DIRECTIONS FOR THIS TASK: Please return each of the entries exactly, minus their pictures.

[Images for object localization]
++++

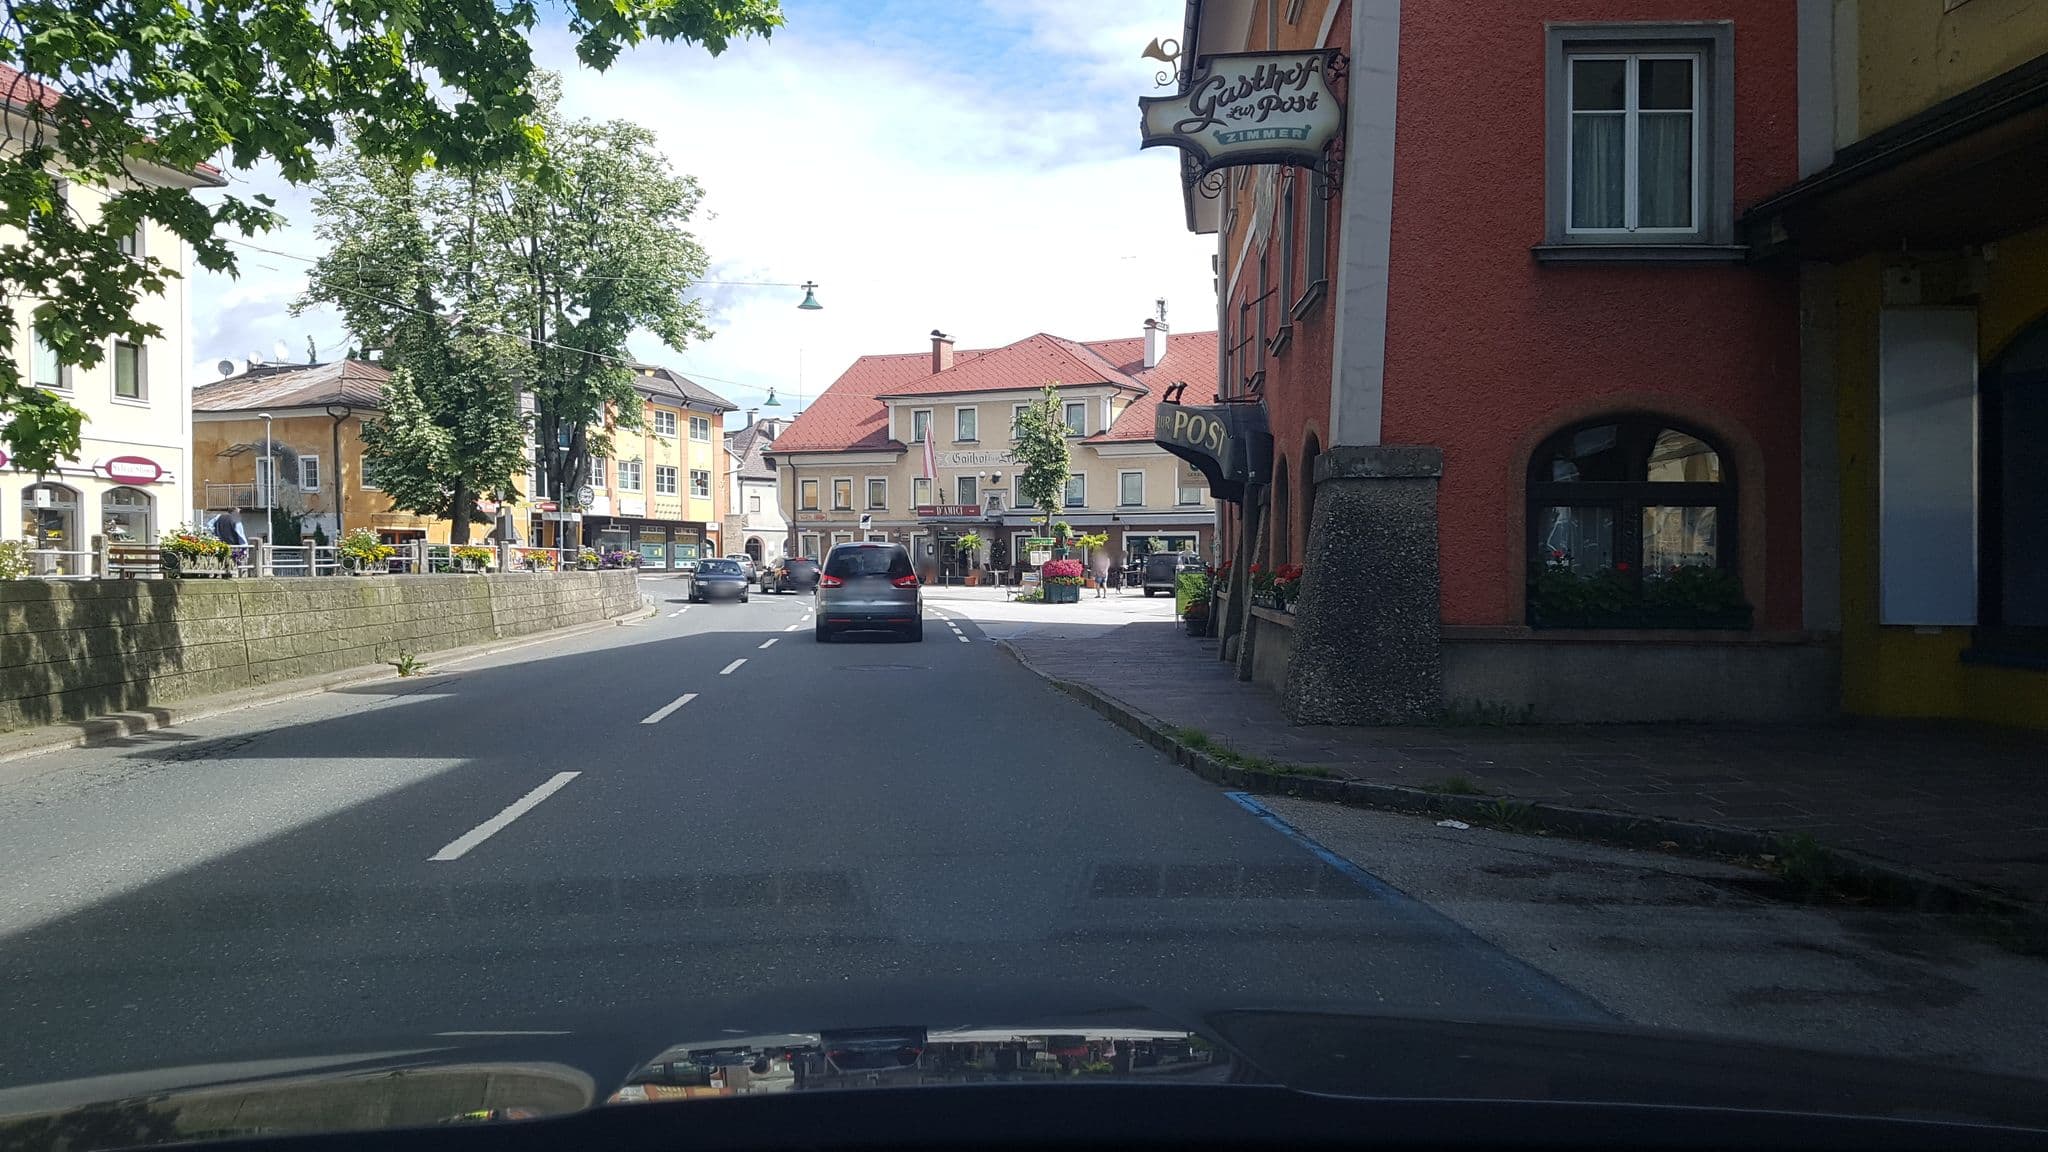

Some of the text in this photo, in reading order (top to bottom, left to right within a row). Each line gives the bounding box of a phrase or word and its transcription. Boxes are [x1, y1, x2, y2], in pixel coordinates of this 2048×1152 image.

[1173, 56, 1319, 134] Gasthof
[1226, 91, 1319, 123] zur Post
[1226, 129, 1303, 142] ZIMMER
[1172, 410, 1227, 457] POST
[936, 506, 963, 516] D'AMICI

++++

RESPONSE:
Some of the text in this photo, in reading order (top to bottom, left to right within a row). Each line gives the bounding box of a phrase or word and its transcription. Boxes are [x1, y1, x2, y2], in pixel coordinates of this 2048×1152 image.

[1173, 56, 1319, 134] Gasthof
[1226, 91, 1319, 123] zur Post
[1226, 129, 1303, 142] ZIMMER
[1172, 410, 1227, 457] POST
[936, 506, 963, 516] D'AMICI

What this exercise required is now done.